_GIVEN INFORMATION_:
══════

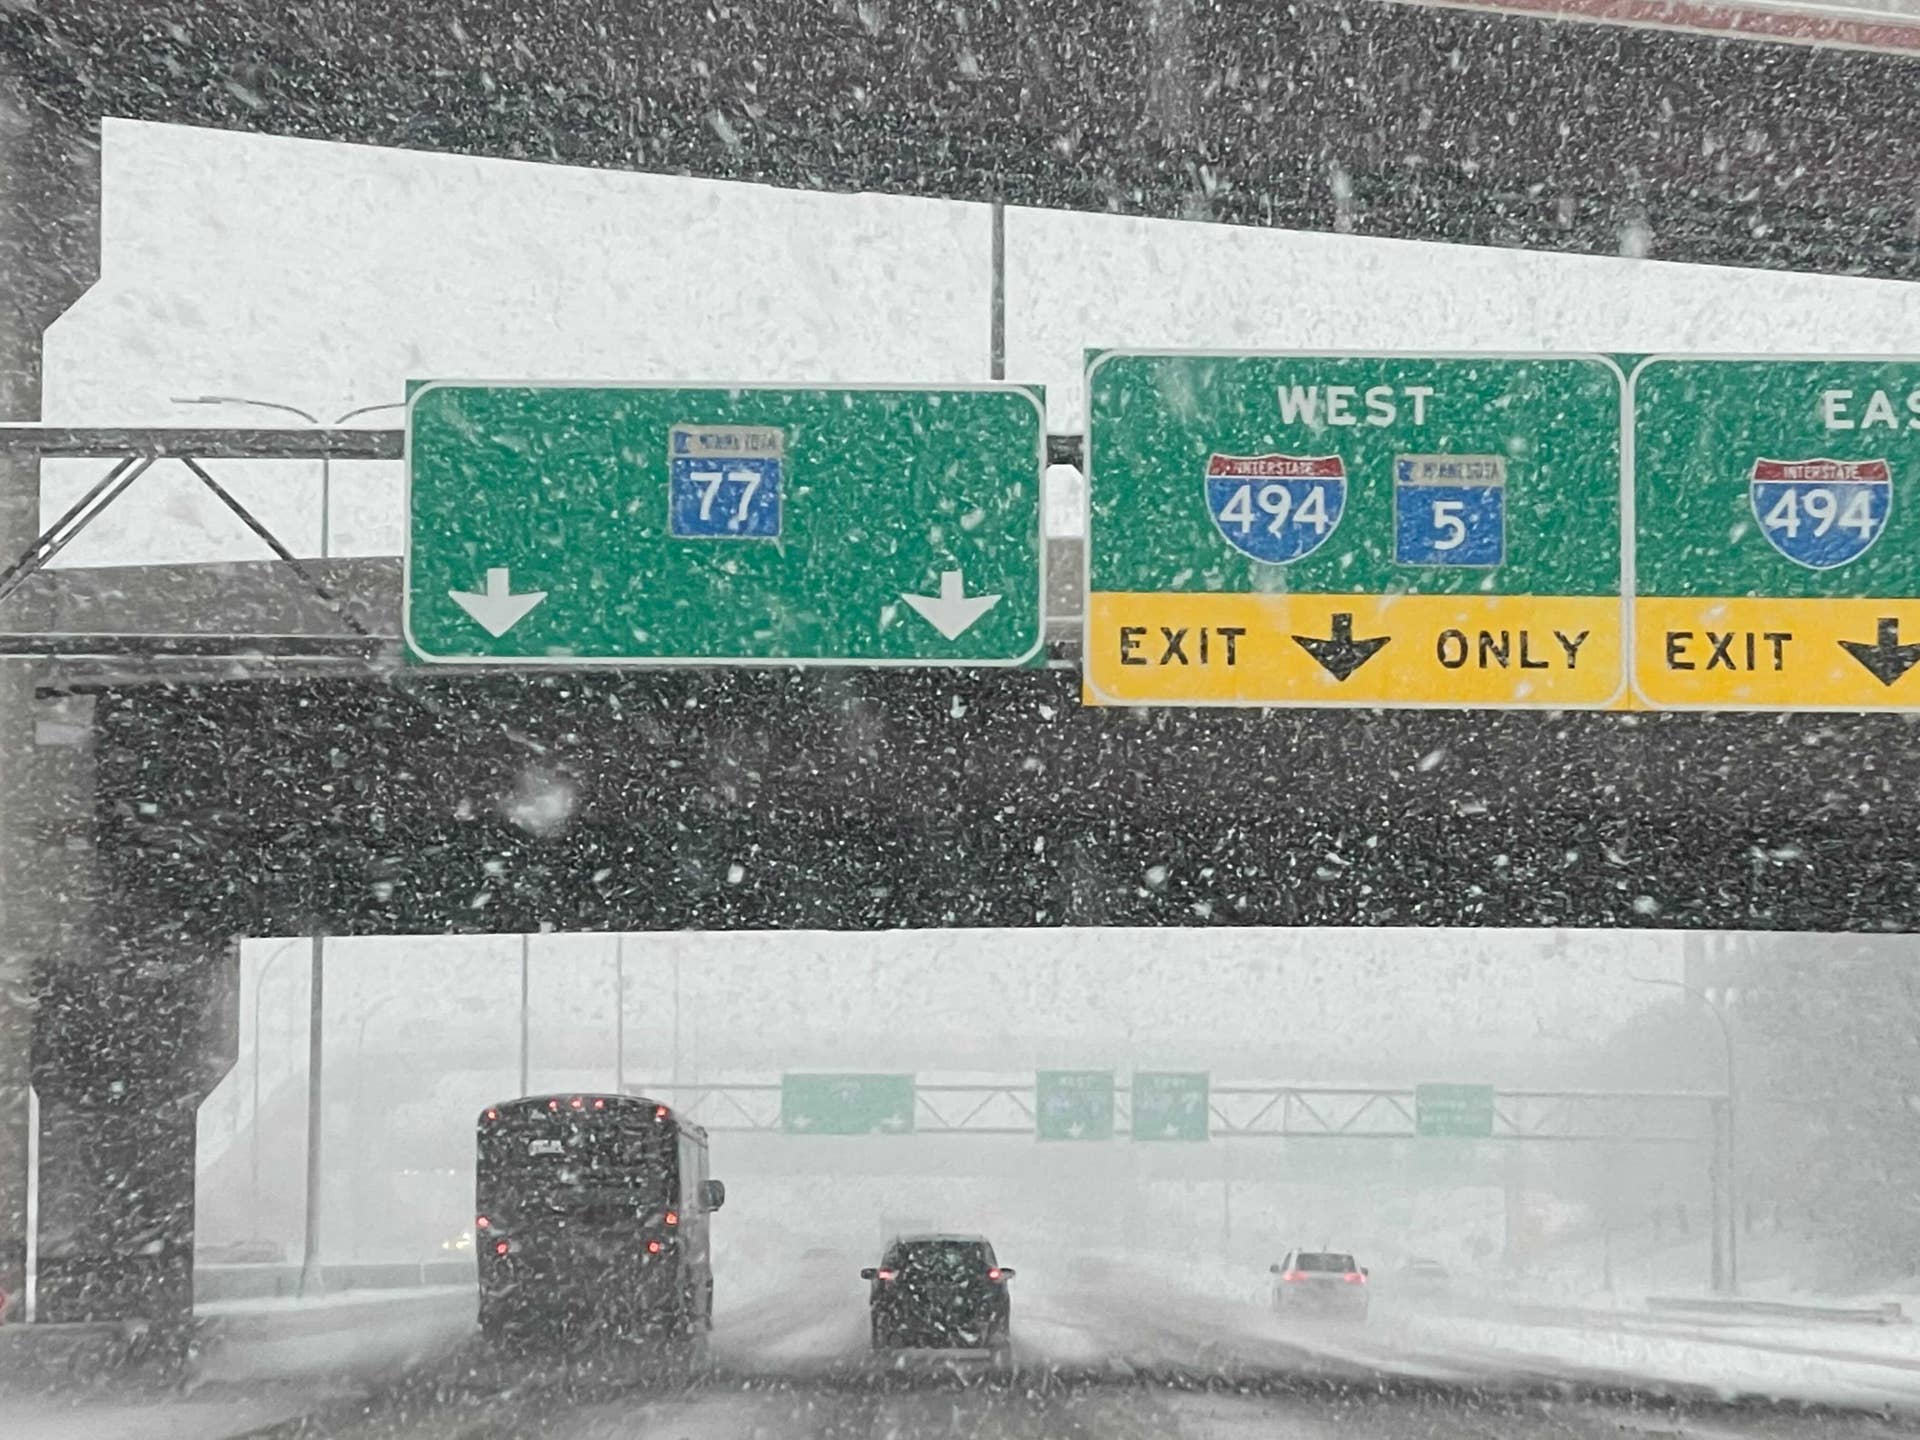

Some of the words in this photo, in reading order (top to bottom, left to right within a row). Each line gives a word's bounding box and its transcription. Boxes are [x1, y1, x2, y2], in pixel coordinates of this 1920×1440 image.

[1278, 385, 1434, 427] WEST
[1783, 465, 1859, 480] INTERSTATE
[690, 471, 761, 521] 77
[1219, 485, 1330, 537] 494
[1763, 487, 1880, 539] 494
[1432, 501, 1467, 550] 5
[1119, 626, 1247, 667] EXIT
[1436, 628, 1591, 670] ONLY
[1665, 631, 1793, 671] EXIT

══════

_WHAT YOU SHOULD DO_:
The expected output is every record above, copied exactly, without pictures.

_ANSWER BOX_:
Some of the words in this photo, in reading order (top to bottom, left to right within a row). Each line gives a word's bounding box and its transcription. Boxes are [x1, y1, x2, y2], in pixel coordinates of this 1920×1440 image.

[1278, 385, 1434, 427] WEST
[1783, 465, 1859, 480] INTERSTATE
[690, 471, 761, 521] 77
[1219, 485, 1330, 537] 494
[1763, 487, 1880, 539] 494
[1432, 501, 1467, 550] 5
[1119, 626, 1247, 667] EXIT
[1436, 628, 1591, 670] ONLY
[1665, 631, 1793, 671] EXIT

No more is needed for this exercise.